Moderator Sau (Larry) Lee opened the session by noting that “Emerging technology should receive as much attention as continuous manufacturing.” Adam Procopio, Senior Principal Scientist, Merck & Co., Inc., discussed “Enabling Adaptive Drug Products via Additive Manufacturing,” the first presentation in the session.

Three-dimensional printing, also known as additive manufacturing, is a small but quickly growing part of the pharmaceutical industry. “3D printing is a revolution,” said Procopio. “Once I saw 3D printers in action, I saw the light about what they could do for drug production in the future.” Additive technology can design a high-surface-area device that maintains the same surface area when shrunk to production size, said Procopio. This can’t be done with traditional means. “You can design something by supplying criteria and using software to build to specs,” Procopio continued. Just come up with an optimized geometry, then 3D print it. “Complexity is free in 3D printing,” he noted. “You don’t have to think about how to make it—the printer creates the complexity.” “Three-D printing is 2D printing—several thousand times,” Procopio explained. The printers stack layers to generate parts.

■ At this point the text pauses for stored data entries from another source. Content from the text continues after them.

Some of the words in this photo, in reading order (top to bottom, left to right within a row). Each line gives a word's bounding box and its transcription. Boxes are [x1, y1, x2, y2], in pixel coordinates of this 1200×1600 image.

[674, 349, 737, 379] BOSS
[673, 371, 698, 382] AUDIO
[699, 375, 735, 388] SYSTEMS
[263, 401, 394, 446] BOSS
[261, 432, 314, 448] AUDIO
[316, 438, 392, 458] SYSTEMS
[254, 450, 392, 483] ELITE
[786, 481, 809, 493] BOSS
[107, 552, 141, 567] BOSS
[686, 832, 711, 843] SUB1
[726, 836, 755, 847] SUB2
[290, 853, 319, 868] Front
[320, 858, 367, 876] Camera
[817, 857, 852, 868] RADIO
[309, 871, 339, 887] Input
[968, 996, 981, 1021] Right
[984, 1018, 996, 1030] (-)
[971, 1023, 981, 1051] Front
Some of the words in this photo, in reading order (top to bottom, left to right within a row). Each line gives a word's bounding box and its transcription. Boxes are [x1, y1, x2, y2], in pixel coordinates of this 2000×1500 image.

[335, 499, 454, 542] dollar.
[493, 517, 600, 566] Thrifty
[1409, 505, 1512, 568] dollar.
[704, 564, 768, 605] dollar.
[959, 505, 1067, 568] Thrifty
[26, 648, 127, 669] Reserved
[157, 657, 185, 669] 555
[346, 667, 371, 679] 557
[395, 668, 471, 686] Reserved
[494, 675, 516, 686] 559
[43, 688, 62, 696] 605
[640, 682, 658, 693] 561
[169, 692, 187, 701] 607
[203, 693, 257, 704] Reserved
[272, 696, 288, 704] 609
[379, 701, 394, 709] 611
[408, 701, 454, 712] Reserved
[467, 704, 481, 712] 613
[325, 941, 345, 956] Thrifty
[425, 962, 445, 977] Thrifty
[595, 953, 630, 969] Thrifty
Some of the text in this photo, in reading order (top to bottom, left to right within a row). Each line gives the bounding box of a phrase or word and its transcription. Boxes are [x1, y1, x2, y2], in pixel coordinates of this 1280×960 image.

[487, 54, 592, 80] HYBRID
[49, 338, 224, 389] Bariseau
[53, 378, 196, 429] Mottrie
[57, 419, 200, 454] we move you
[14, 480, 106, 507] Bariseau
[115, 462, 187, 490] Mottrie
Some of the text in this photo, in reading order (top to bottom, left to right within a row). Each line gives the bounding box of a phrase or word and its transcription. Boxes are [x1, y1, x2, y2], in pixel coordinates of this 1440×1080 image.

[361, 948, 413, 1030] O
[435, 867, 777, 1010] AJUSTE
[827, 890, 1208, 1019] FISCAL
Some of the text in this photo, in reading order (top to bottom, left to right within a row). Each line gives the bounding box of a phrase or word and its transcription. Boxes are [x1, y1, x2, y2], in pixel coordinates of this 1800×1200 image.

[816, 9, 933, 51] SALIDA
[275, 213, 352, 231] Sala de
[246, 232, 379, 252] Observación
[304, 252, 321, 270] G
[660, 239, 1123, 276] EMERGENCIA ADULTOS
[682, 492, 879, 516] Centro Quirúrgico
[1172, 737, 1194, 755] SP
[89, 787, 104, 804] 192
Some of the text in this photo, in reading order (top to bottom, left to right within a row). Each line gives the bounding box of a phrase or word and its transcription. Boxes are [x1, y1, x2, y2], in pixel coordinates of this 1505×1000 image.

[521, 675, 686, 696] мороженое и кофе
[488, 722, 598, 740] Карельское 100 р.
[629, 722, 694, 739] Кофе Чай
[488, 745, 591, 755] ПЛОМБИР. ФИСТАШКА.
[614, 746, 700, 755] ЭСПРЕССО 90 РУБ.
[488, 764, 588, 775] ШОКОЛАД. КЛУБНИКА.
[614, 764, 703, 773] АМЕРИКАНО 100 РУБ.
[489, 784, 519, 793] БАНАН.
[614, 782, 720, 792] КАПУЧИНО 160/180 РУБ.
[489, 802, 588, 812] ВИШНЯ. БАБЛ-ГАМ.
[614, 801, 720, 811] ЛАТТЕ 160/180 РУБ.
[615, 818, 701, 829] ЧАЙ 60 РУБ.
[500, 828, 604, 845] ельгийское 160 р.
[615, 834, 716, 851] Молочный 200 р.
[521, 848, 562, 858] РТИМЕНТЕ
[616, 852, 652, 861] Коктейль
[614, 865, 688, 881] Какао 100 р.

Currently, there are two modes of 3D printing. Thermal phase transition—“a glorified hot glue gun”—uses laser sintering to weld polyamide particles together, or fused deposition modeling (FDM), which works with a limited set of materials, most of them not relevant to the pharma industry. Vat photopolymerization and continuous liquid interface production (CLIP) both focus light to crosslink polymers. These processes use material jetting—“an inkejet printhead on steroids”—followed by light that turns liquids into solids. “These methods can use multiple materials,” said Procopio, “and can create parts with unique capabilities.” “Where can pharma play in 3D printing space?” asked Procopio? “It can help in the lab to manufacture parts. It can help you work faster. You can design and use something the same day. It’s a really powerful tool.” In 2015 FDA approved Spritam, a 3D printed oral anti-seizure drug produced by Aprecia, with a rapid dispersion and dissolution that can’t be matched with powders and a rotary tablet press. Medical devices or implants could be customized, and given to the patient faster.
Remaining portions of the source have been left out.